EXERCISE PROMPT: From top to bottom, retype the data exactly, passing over any picture.

Collected data:
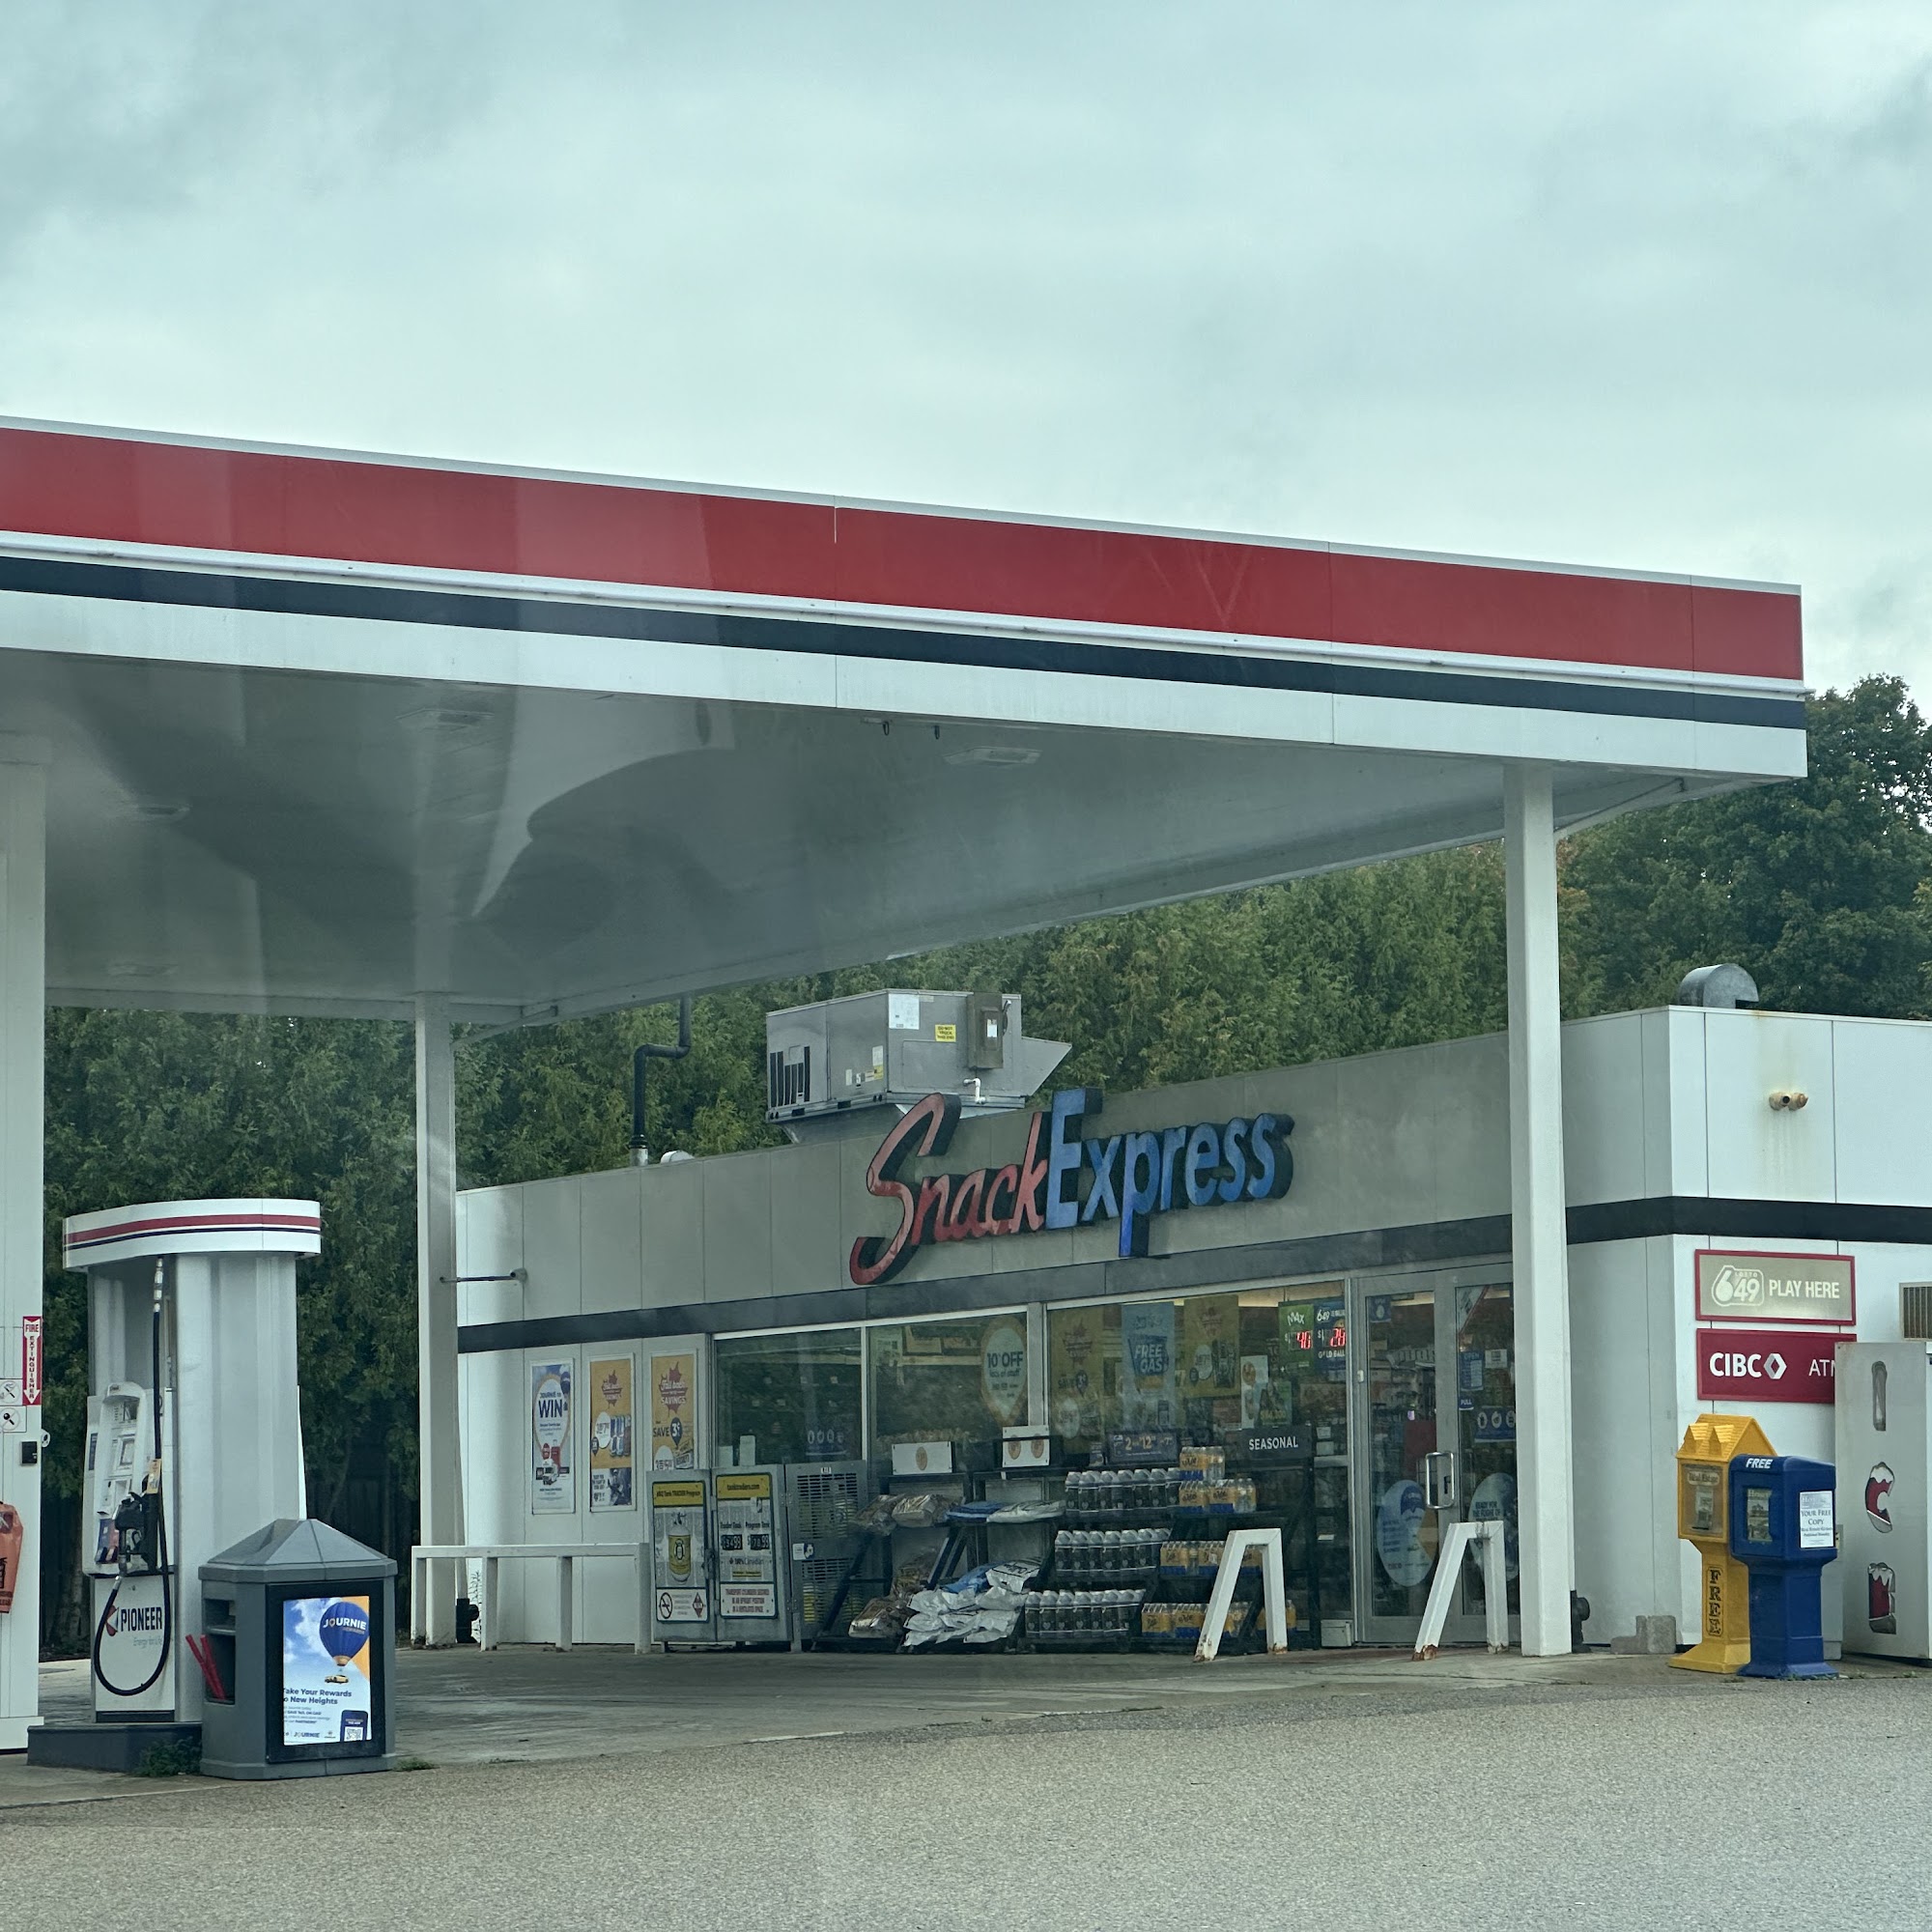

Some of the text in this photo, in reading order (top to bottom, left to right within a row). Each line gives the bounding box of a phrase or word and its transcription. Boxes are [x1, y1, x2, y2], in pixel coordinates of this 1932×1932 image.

[1769, 1279, 1802, 1297] PLAY
[1805, 1281, 1840, 1298] HERE
[25, 1323, 40, 1333] FIRE
[1002, 1350, 1023, 1368] OFF
[1135, 1344, 1163, 1360] FREE
[1140, 1358, 1163, 1373] GAS
[1709, 1352, 1762, 1378] CIBC
[538, 1399, 563, 1418] WIN
[653, 1427, 670, 1437] SAVE
[1249, 1435, 1299, 1451] SEASONAL
[1746, 1457, 1774, 1469] FREE
[1709, 1569, 1721, 1634] FREE
[121, 1606, 162, 1632] PIONEER
[323, 1617, 367, 1631] JOURNIE
[320, 1689, 352, 1697] Rewards

RESPONSE TO THE TASK:
Some of the text in this photo, in reading order (top to bottom, left to right within a row). Each line gives the bounding box of a phrase or word and its transcription. Boxes are [x1, y1, x2, y2], in pixel coordinates of this 1932×1932 image.

[1769, 1279, 1802, 1297] PLAY
[1805, 1281, 1840, 1298] HERE
[25, 1323, 40, 1333] FIRE
[1002, 1350, 1023, 1368] OFF
[1135, 1344, 1163, 1360] FREE
[1140, 1358, 1163, 1373] GAS
[1709, 1352, 1762, 1378] CIBC
[538, 1399, 563, 1418] WIN
[653, 1427, 670, 1437] SAVE
[1249, 1435, 1299, 1451] SEASONAL
[1746, 1457, 1774, 1469] FREE
[1709, 1569, 1721, 1634] FREE
[121, 1606, 162, 1632] PIONEER
[323, 1617, 367, 1631] JOURNIE
[320, 1689, 352, 1697] Rewards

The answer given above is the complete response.